BIO Offers Advice on Solving Healthcare Crisis
Universal healthcare remains a hotly debated topic as the country prepares for a new executive administration. Already future Health and Human Services Secretary Tom Daschle has pointed to public access of generic medicines as an integral part of the solution, to the approval of the Generic Pharmaceutical Association. Today, the Biotechnology Industry Organization (BIO) released its “critical principles” toward universal healthcare, with an emphasis on innovation in therapies and diagnostics.

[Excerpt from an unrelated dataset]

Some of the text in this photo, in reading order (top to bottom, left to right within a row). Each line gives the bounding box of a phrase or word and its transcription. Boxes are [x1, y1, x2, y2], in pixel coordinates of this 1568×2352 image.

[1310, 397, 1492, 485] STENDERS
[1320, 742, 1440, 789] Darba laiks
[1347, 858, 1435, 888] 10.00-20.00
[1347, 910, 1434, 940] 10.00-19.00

According to BIO, a meaningful healthcare proposal must include three principles: The nation’s public policy goal should be universal access to affordable, high-quality health care for all Americans; innovation in healthcare, including healthcare solutions such as new therapies and diagnostics, has always been and will continue to be central to realizing our health and economic goals; and market-based solutions are essential for maintaining the conditions that have led to America’s leadership position in health care innovation.

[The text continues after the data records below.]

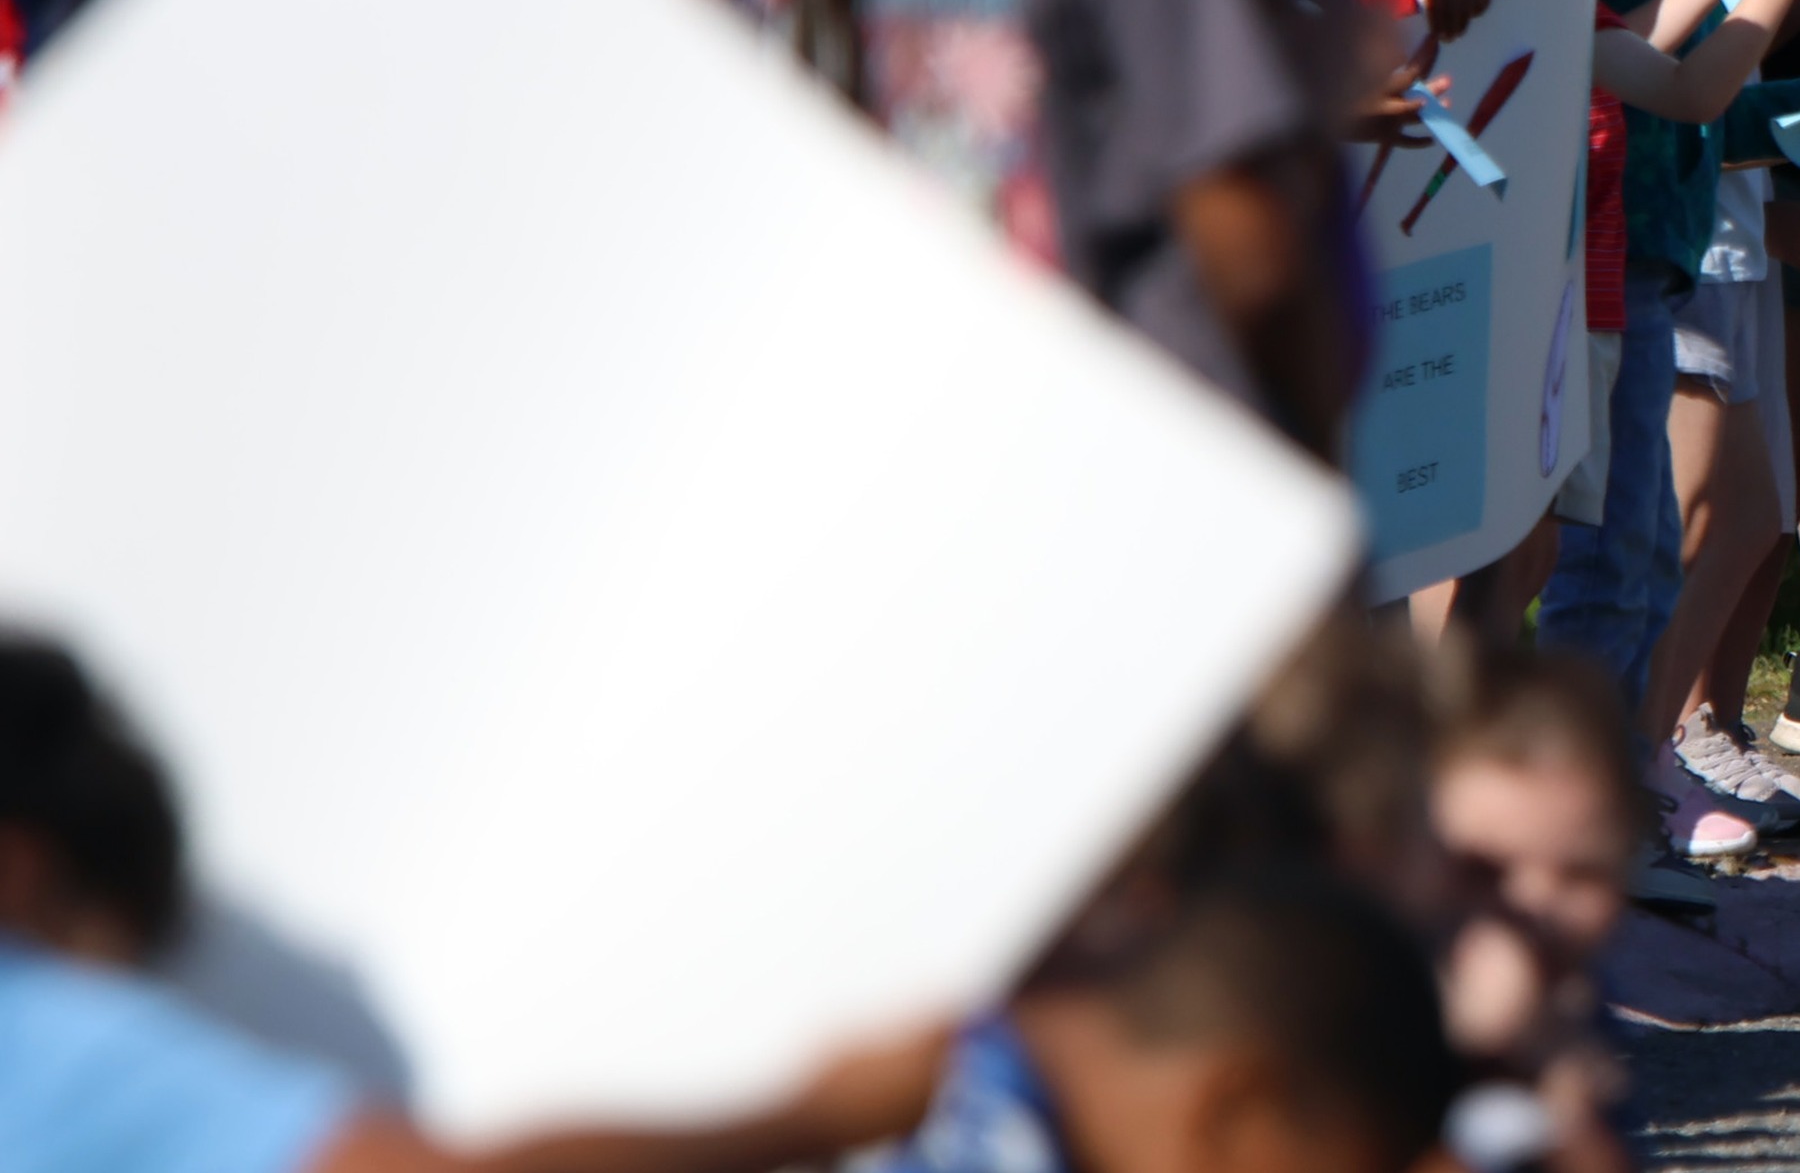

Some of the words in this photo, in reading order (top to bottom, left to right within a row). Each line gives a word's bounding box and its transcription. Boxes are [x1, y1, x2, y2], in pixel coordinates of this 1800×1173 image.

[1408, 282, 1466, 315] BEARS
[1382, 364, 1416, 392] ARE
[1421, 353, 1455, 381] THE
[1396, 460, 1440, 495] BEST
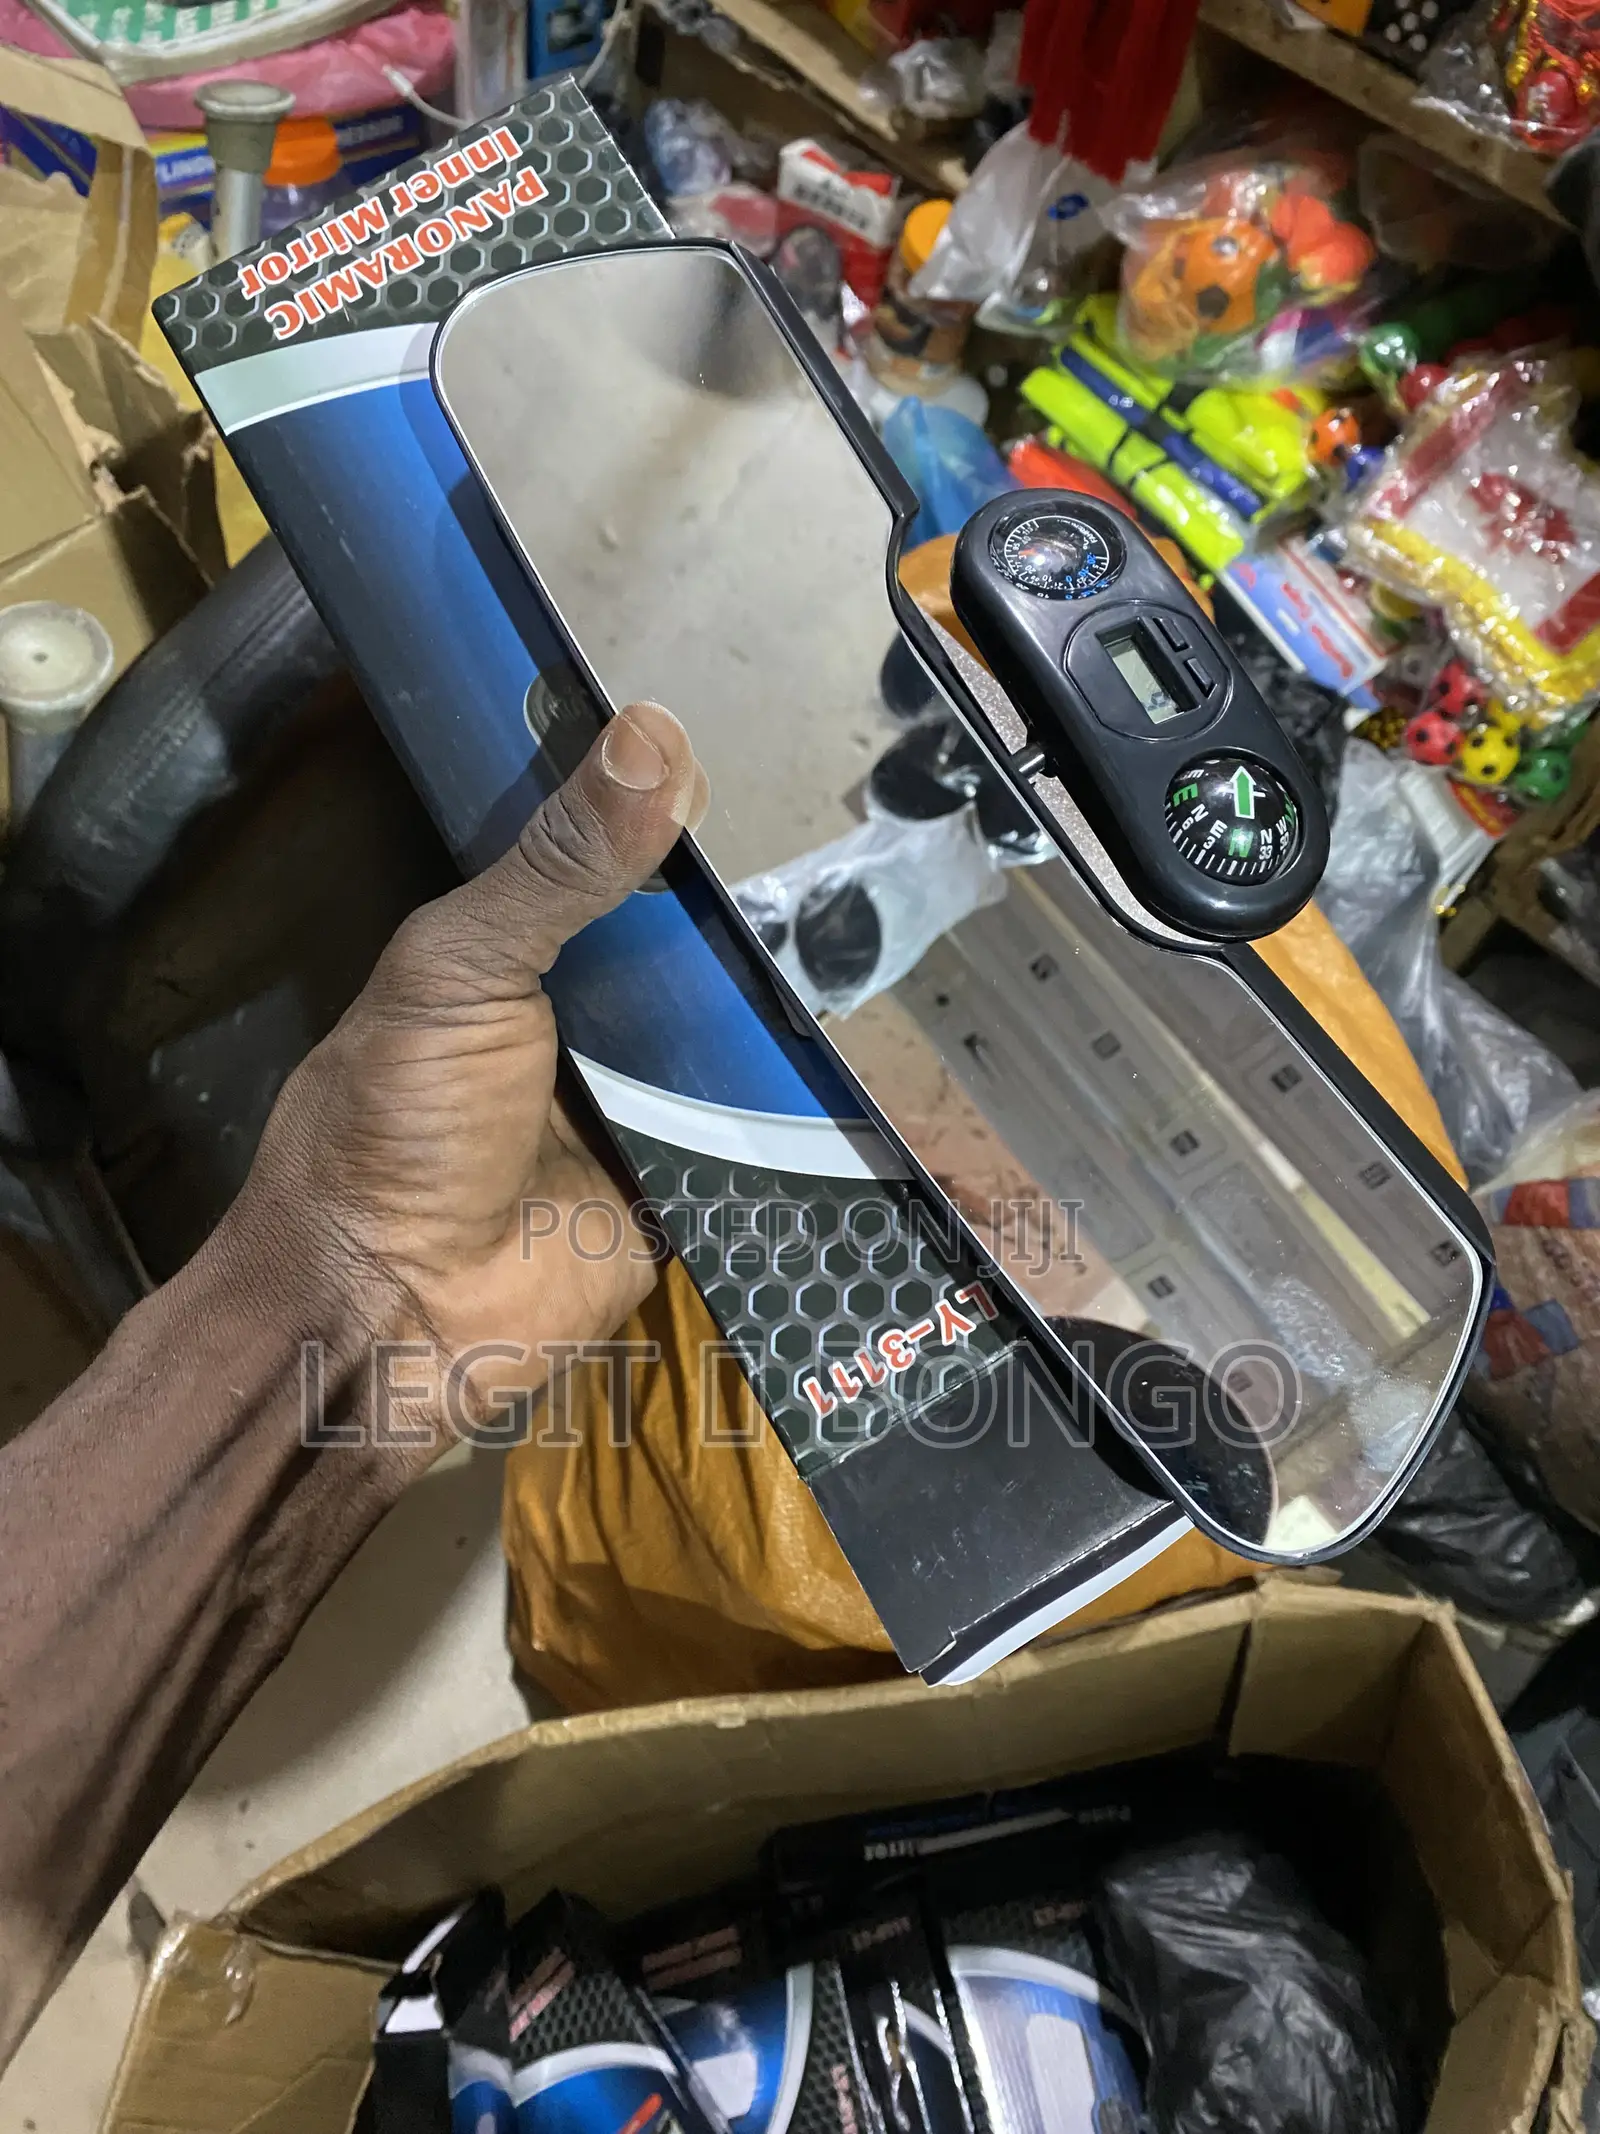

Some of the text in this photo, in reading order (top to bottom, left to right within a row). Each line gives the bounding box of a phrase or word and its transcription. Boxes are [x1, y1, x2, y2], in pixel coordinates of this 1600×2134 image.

True to these principles, BIO states that “patients should have access to the most appropriate treatments regardless of cost, and it should be up to patients and their physicians to determine the best treatment.”
It is difficult to determine exactly what “regardless of cost” means, because the statement doesn’t directly discuss the Generic elephant in the room. Of course most people would agree patients should have access to the most appropriate treatment, but will this lead to over-inflated costs, including those for innovative therapies?